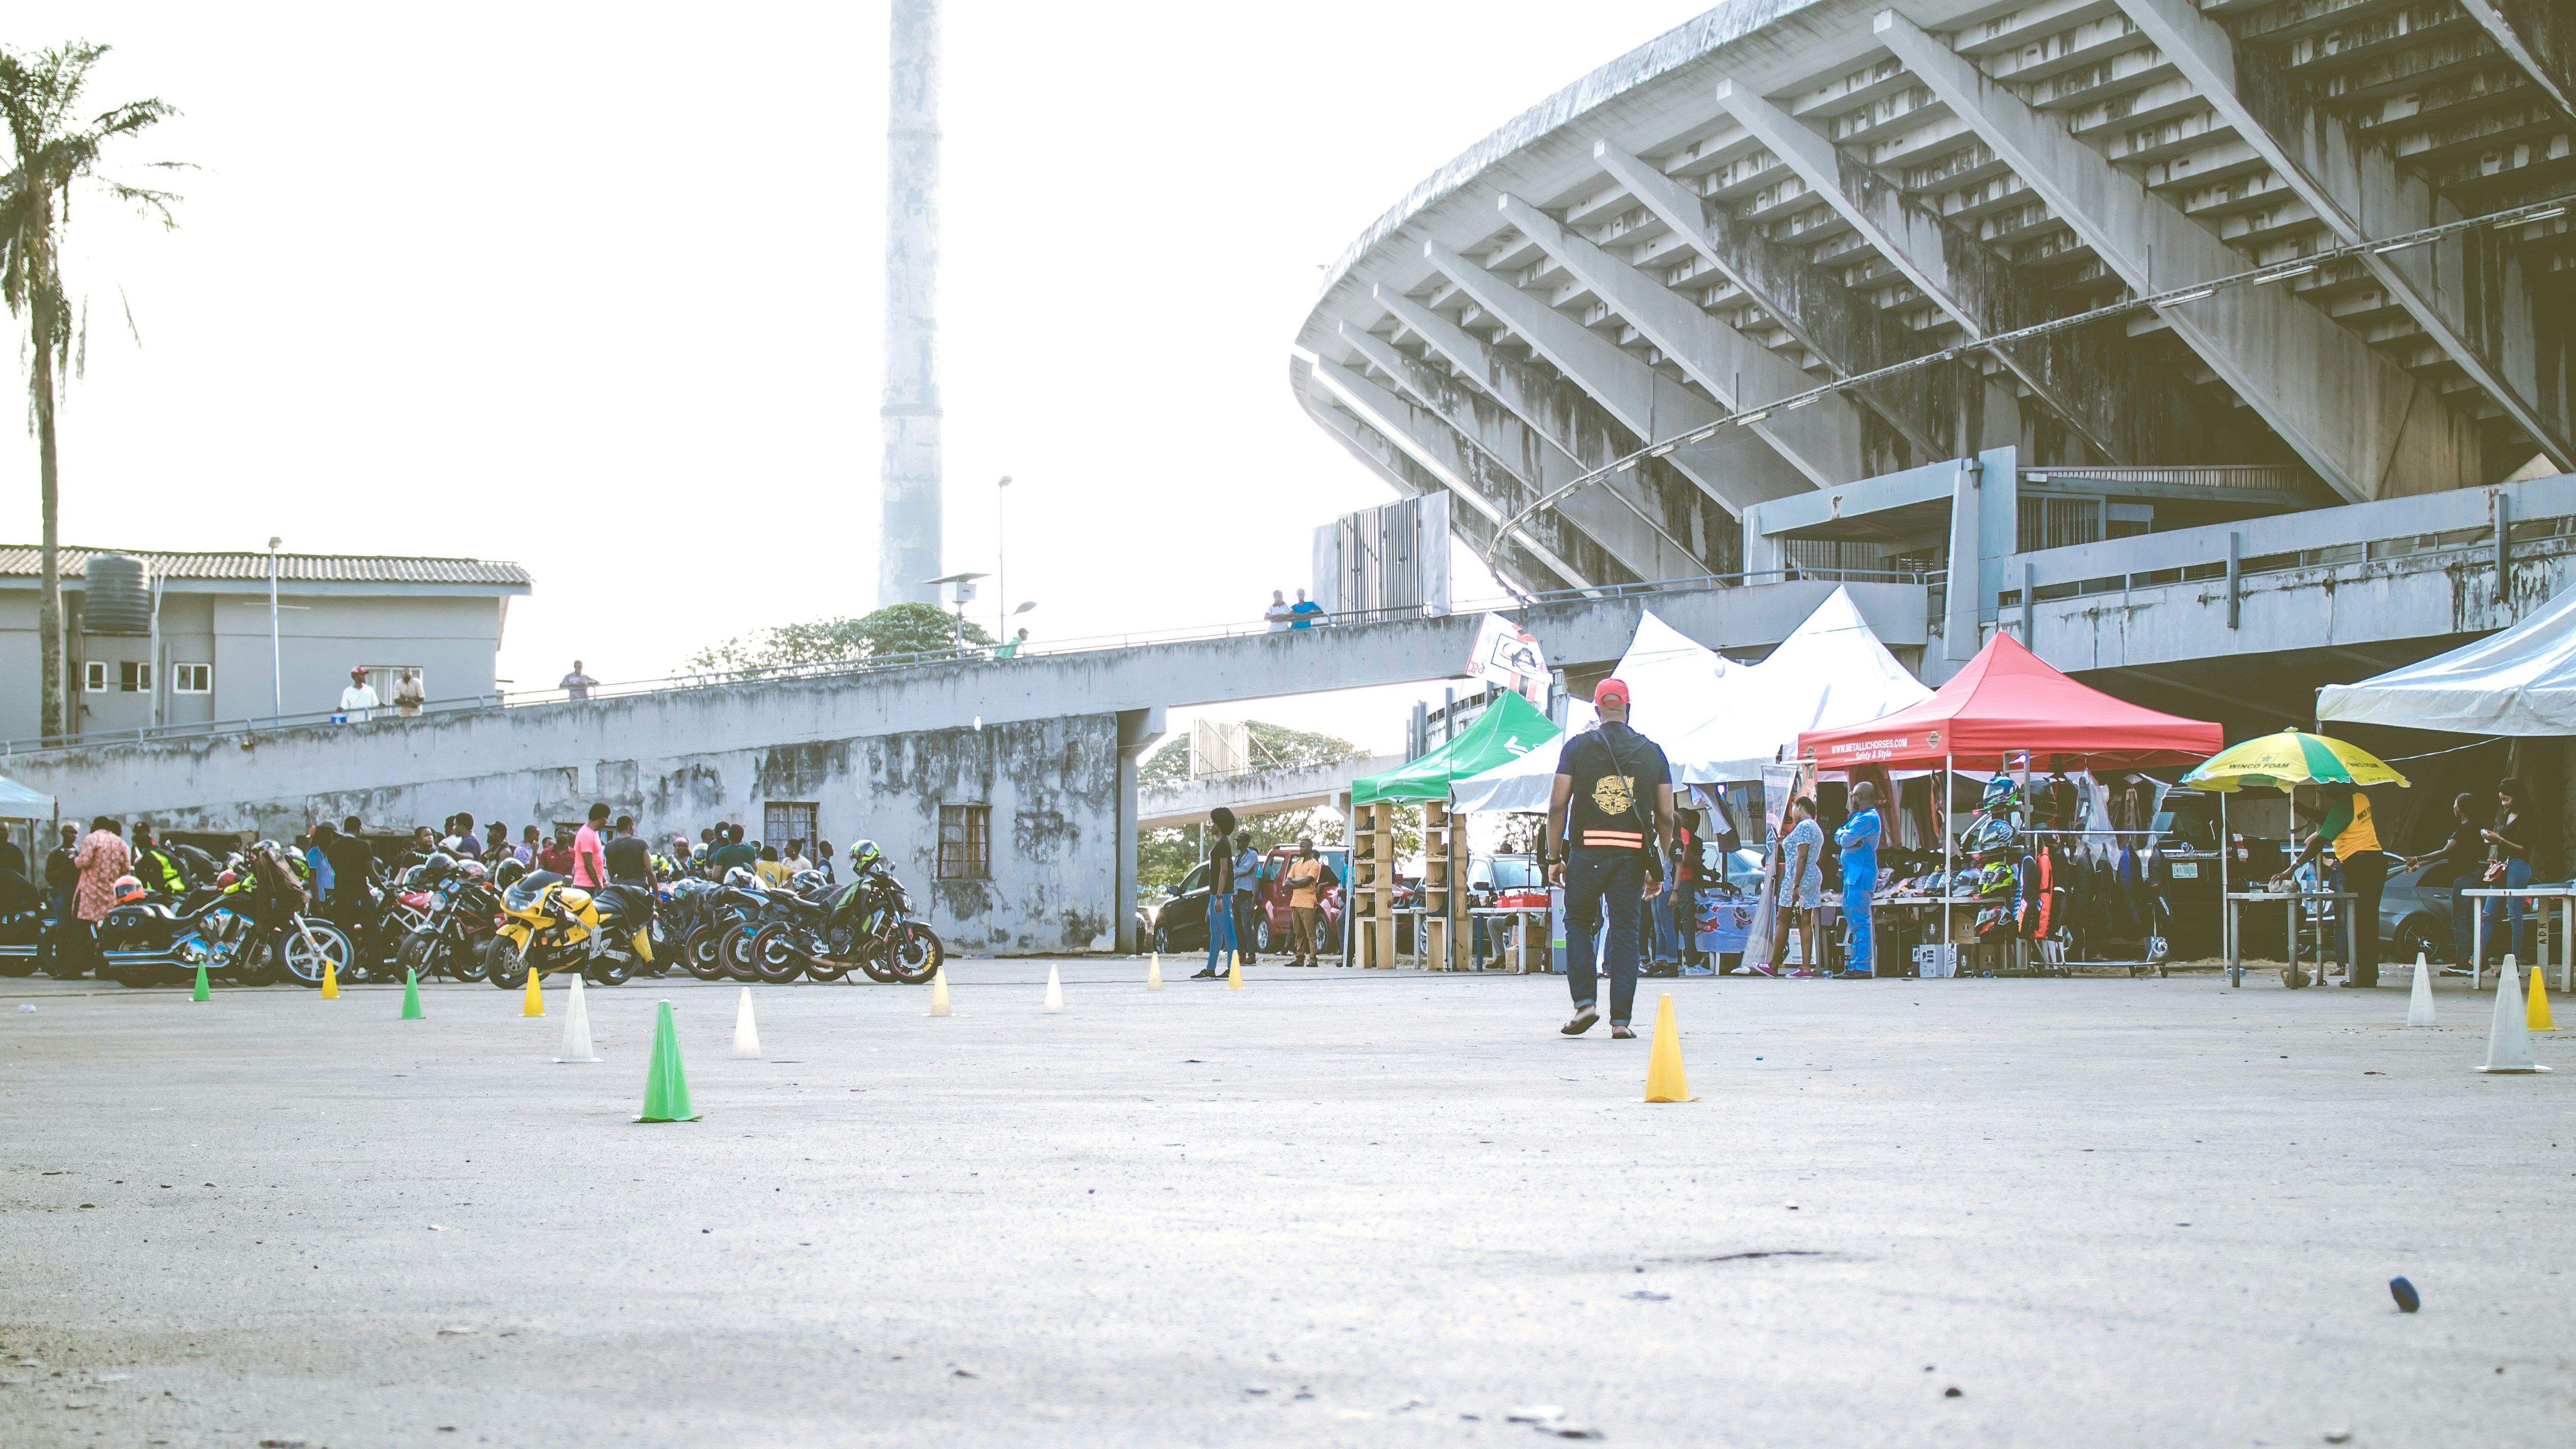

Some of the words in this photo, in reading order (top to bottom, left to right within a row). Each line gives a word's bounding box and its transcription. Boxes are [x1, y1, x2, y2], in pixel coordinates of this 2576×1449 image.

[1831, 738, 1907, 754] WWW.METALLICHORSES.COM
[1855, 751, 1871, 761] Safety
[1872, 749, 1876, 759] &
[1878, 749, 1892, 760] Style
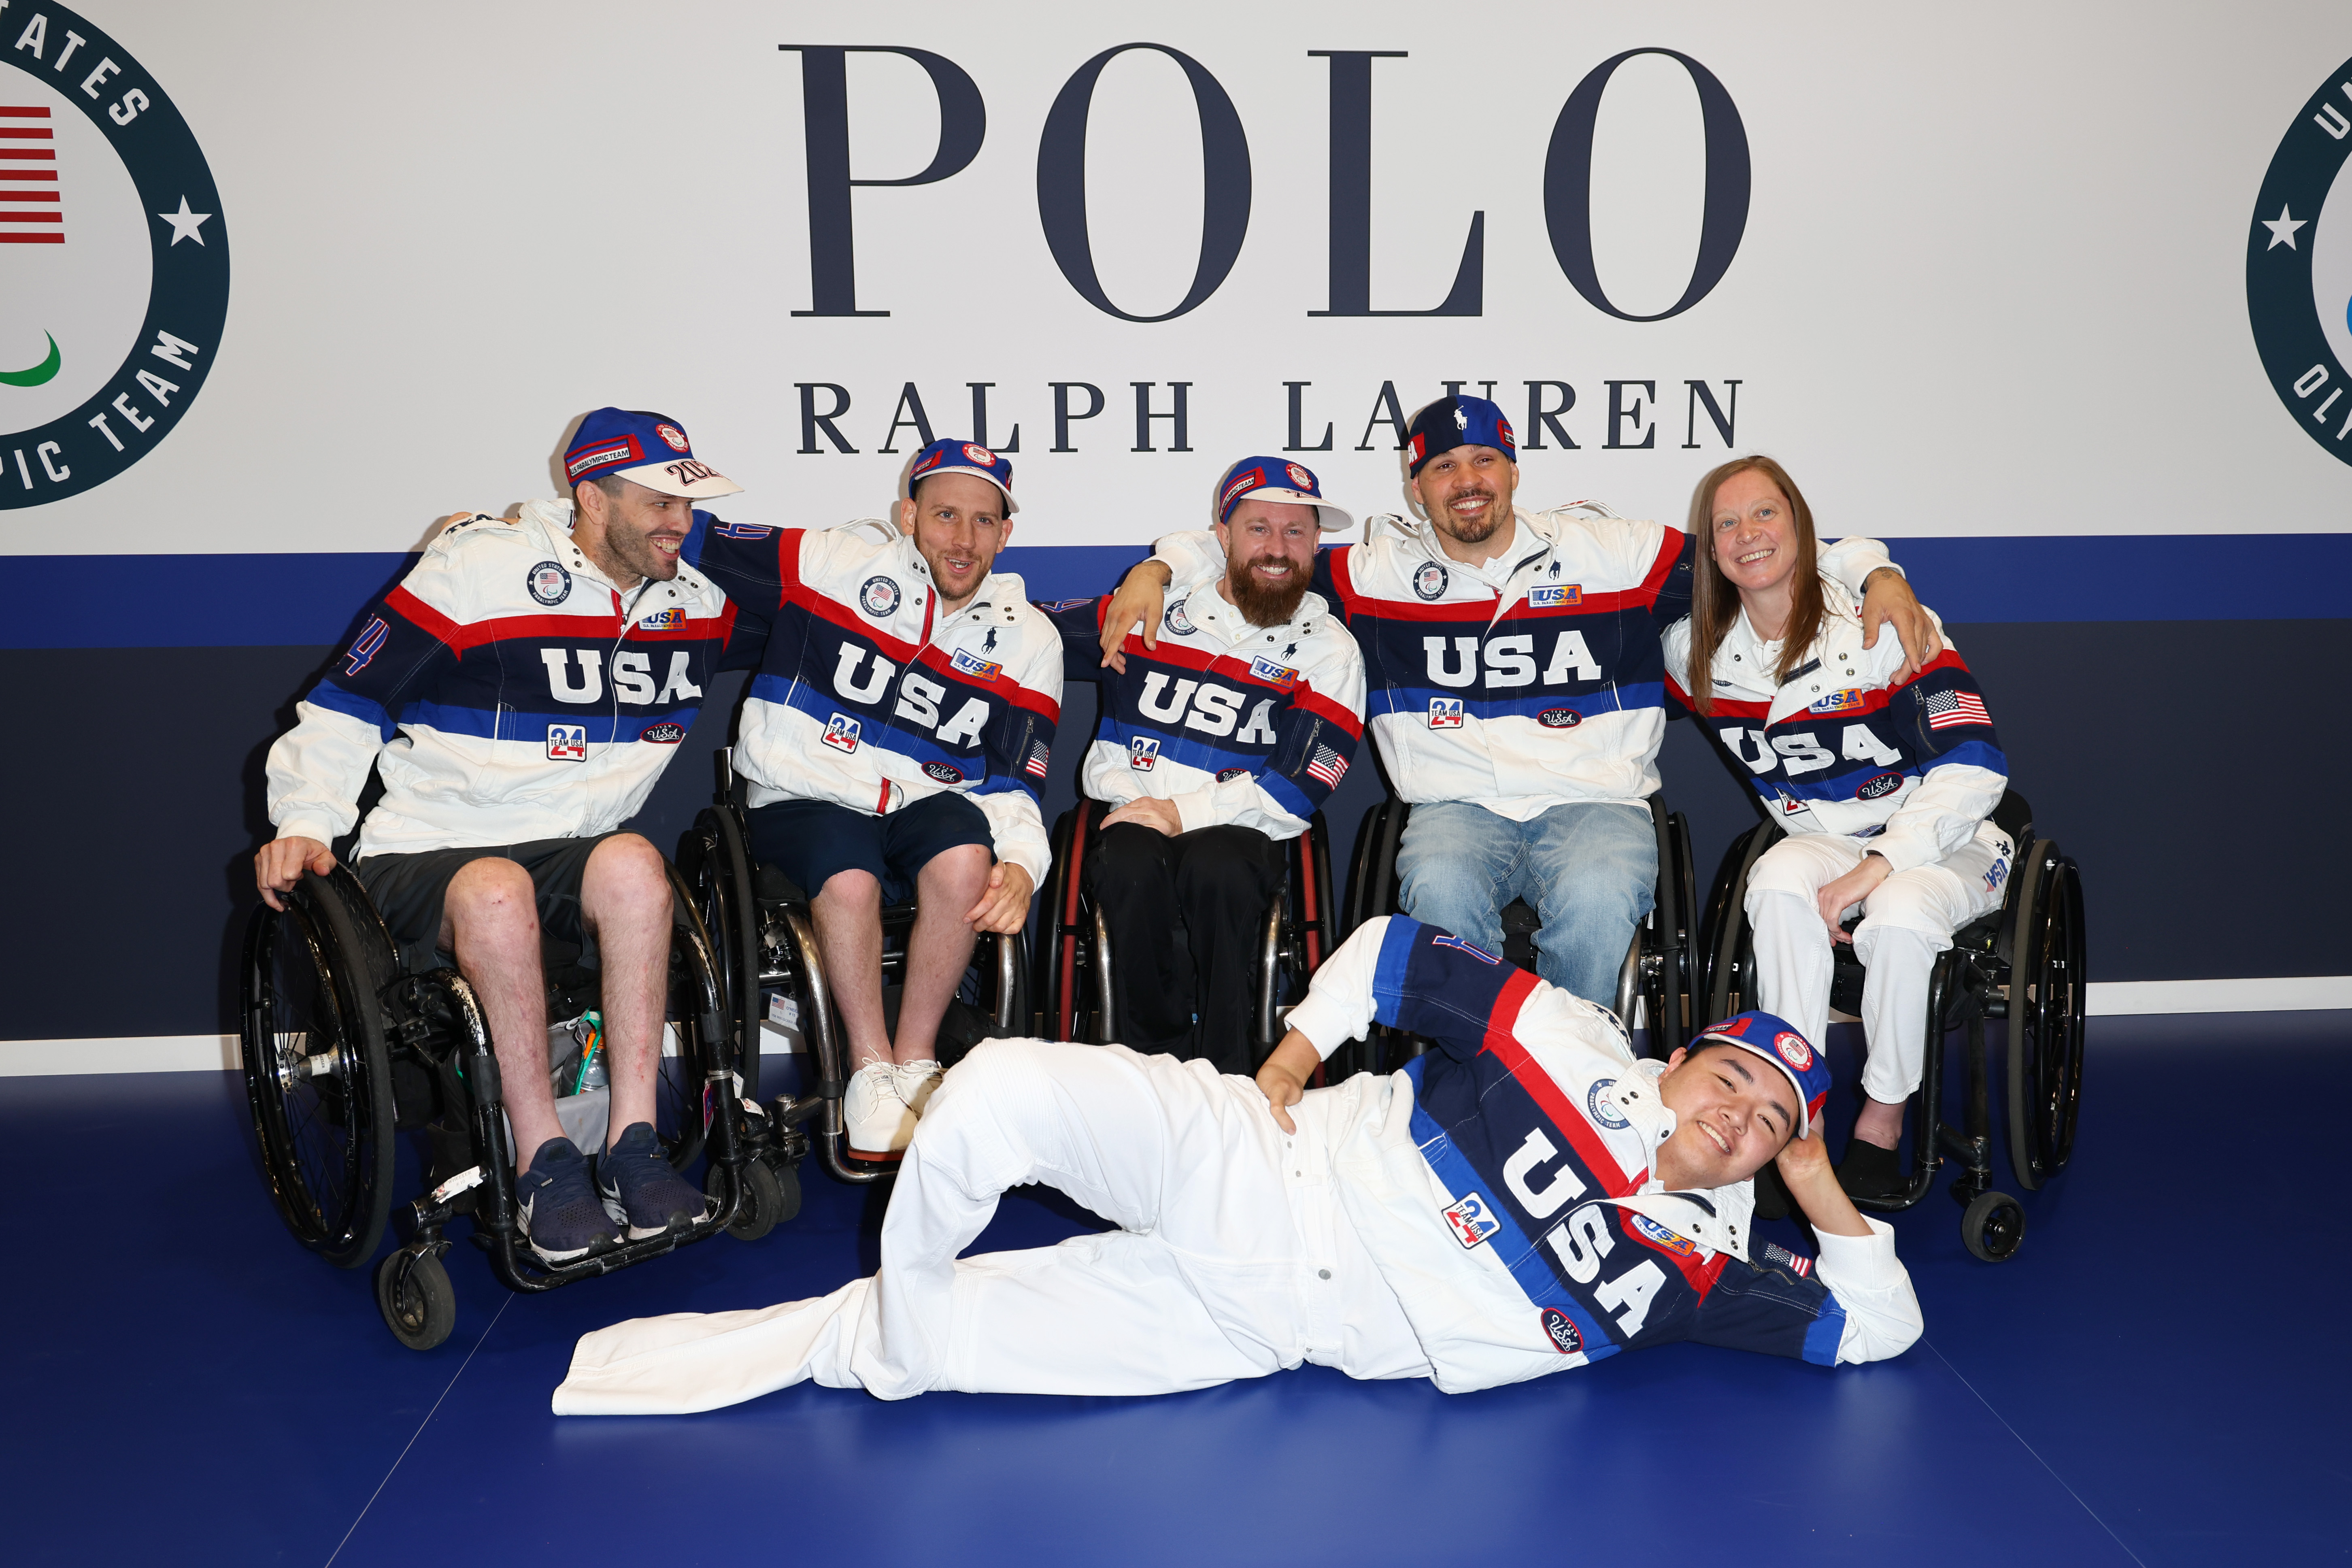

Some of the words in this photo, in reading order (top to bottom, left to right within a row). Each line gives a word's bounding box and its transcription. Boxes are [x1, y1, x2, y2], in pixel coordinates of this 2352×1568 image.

[0, 0, 149, 126] ATES
[2314, 82, 2352, 140] U
[778, 43, 1751, 323] POLO
[88, 330, 199, 452] TEAM
[794, 382, 1193, 454] RALPH
[1282, 380, 1742, 451] LAREN
[0, 441, 70, 490] IC
[577, 455, 608, 471] PARALYMPIC
[609, 449, 628, 459] TEAM
[1238, 479, 1254, 490] TEAM
[532, 563, 547, 574] UNITED
[548, 563, 565, 574] STATES
[1418, 563, 1431, 574] UNITED
[1431, 563, 1444, 571] STATES
[532, 592, 559, 604] PARALYMPIC
[559, 590, 569, 600] TEAM
[889, 581, 899, 595] STATES
[1417, 589, 1437, 599] PARALYMPIC
[1539, 588, 1577, 601] USA
[861, 596, 878, 615] PARALYMPIC
[648, 612, 683, 623] USA
[1166, 620, 1185, 634] PARALYMPIC
[961, 656, 997, 675] USA
[1423, 630, 1601, 689] USA
[540, 649, 702, 704] USA
[961, 666, 983, 675] PARALYMPIC
[1260, 662, 1294, 682] USA
[833, 641, 989, 749] USA
[1818, 691, 1858, 707] USA
[1138, 670, 1277, 745] USA
[1431, 701, 1461, 725] 24
[1543, 713, 1574, 725] USA
[551, 728, 584, 757] 24
[571, 739, 584, 748] USA
[647, 728, 680, 740] USA
[825, 717, 859, 749] 24
[829, 725, 845, 737] TEAM
[845, 731, 856, 741] USA
[1133, 739, 1157, 767] 24
[1144, 751, 1154, 759] USA
[1719, 723, 1902, 776] USA
[929, 765, 956, 781] USA
[1868, 776, 1885, 785] TEAM
[1862, 777, 1897, 797] USA
[1986, 858, 2008, 888] USA
[1777, 1041, 1793, 1065] PARALYMPIC
[1788, 1033, 1803, 1042] UNITED
[1803, 1042, 1812, 1057] STATES
[1589, 1092, 1604, 1123] PARALYMPIC
[448, 1171, 471, 1184] WHEELER
[1446, 1200, 1496, 1244] 24
[1456, 1204, 1474, 1224] TEAM
[1470, 1223, 1484, 1239] USA
[1503, 1127, 1667, 1338] USA
[1643, 1217, 1689, 1249] USA
[1643, 1228, 1671, 1245] PARALYMPIC
[1549, 1315, 1578, 1350] USA
[1564, 1320, 1578, 1337] TEAM
::::::
PROBLEM TO SOLVE
Write the records out once more, exactly as they appear, with no pictures.

WORKED SOLUTION
Some of the words in this photo, in reading order (top to bottom, left to right within a row). Each line gives a word's bounding box and its transcription. Boxes are [x1, y1, x2, y2], in pixel coordinates of this 2576×1449 image.

[1831, 738, 1907, 754] WWW.METALLICHORSES.COM
[1855, 751, 1871, 761] Safety
[1872, 749, 1876, 759] &
[1878, 749, 1892, 760] Style

Some of the words in this photo, in reading order (top to bottom, left to right within a row). Each line gives a word's bounding box and its transcription. Boxes are [x1, y1, x2, y2], in pixel coordinates of this 2352×1568 image.

[0, 0, 149, 126] ATES
[2314, 82, 2352, 140] U
[778, 43, 1751, 323] POLO
[88, 330, 199, 452] TEAM
[794, 382, 1193, 454] RALPH
[1282, 380, 1742, 451] LAREN
[0, 441, 70, 490] IC
[577, 455, 608, 471] PARALYMPIC
[609, 449, 628, 459] TEAM
[1238, 479, 1254, 490] TEAM
[532, 563, 547, 574] UNITED
[548, 563, 565, 574] STATES
[1418, 563, 1431, 574] UNITED
[1431, 563, 1444, 571] STATES
[532, 592, 559, 604] PARALYMPIC
[559, 590, 569, 600] TEAM
[889, 581, 899, 595] STATES
[1417, 589, 1437, 599] PARALYMPIC
[1539, 588, 1577, 601] USA
[861, 596, 878, 615] PARALYMPIC
[648, 612, 683, 623] USA
[1166, 620, 1185, 634] PARALYMPIC
[961, 656, 997, 675] USA
[1423, 630, 1601, 689] USA
[540, 649, 702, 704] USA
[961, 666, 983, 675] PARALYMPIC
[1260, 662, 1294, 682] USA
[833, 641, 989, 749] USA
[1818, 691, 1858, 707] USA
[1138, 670, 1277, 745] USA
[1431, 701, 1461, 725] 24
[1543, 713, 1574, 725] USA
[551, 728, 584, 757] 24
[571, 739, 584, 748] USA
[647, 728, 680, 740] USA
[825, 717, 859, 749] 24
[829, 725, 845, 737] TEAM
[845, 731, 856, 741] USA
[1133, 739, 1157, 767] 24
[1144, 751, 1154, 759] USA
[1719, 723, 1902, 776] USA
[929, 765, 956, 781] USA
[1868, 776, 1885, 785] TEAM
[1862, 777, 1897, 797] USA
[1986, 858, 2008, 888] USA
[1777, 1041, 1793, 1065] PARALYMPIC
[1788, 1033, 1803, 1042] UNITED
[1803, 1042, 1812, 1057] STATES
[1589, 1092, 1604, 1123] PARALYMPIC
[448, 1171, 471, 1184] WHEELER
[1446, 1200, 1496, 1244] 24
[1456, 1204, 1474, 1224] TEAM
[1470, 1223, 1484, 1239] USA
[1503, 1127, 1667, 1338] USA
[1643, 1217, 1689, 1249] USA
[1643, 1228, 1671, 1245] PARALYMPIC
[1549, 1315, 1578, 1350] USA
[1564, 1320, 1578, 1337] TEAM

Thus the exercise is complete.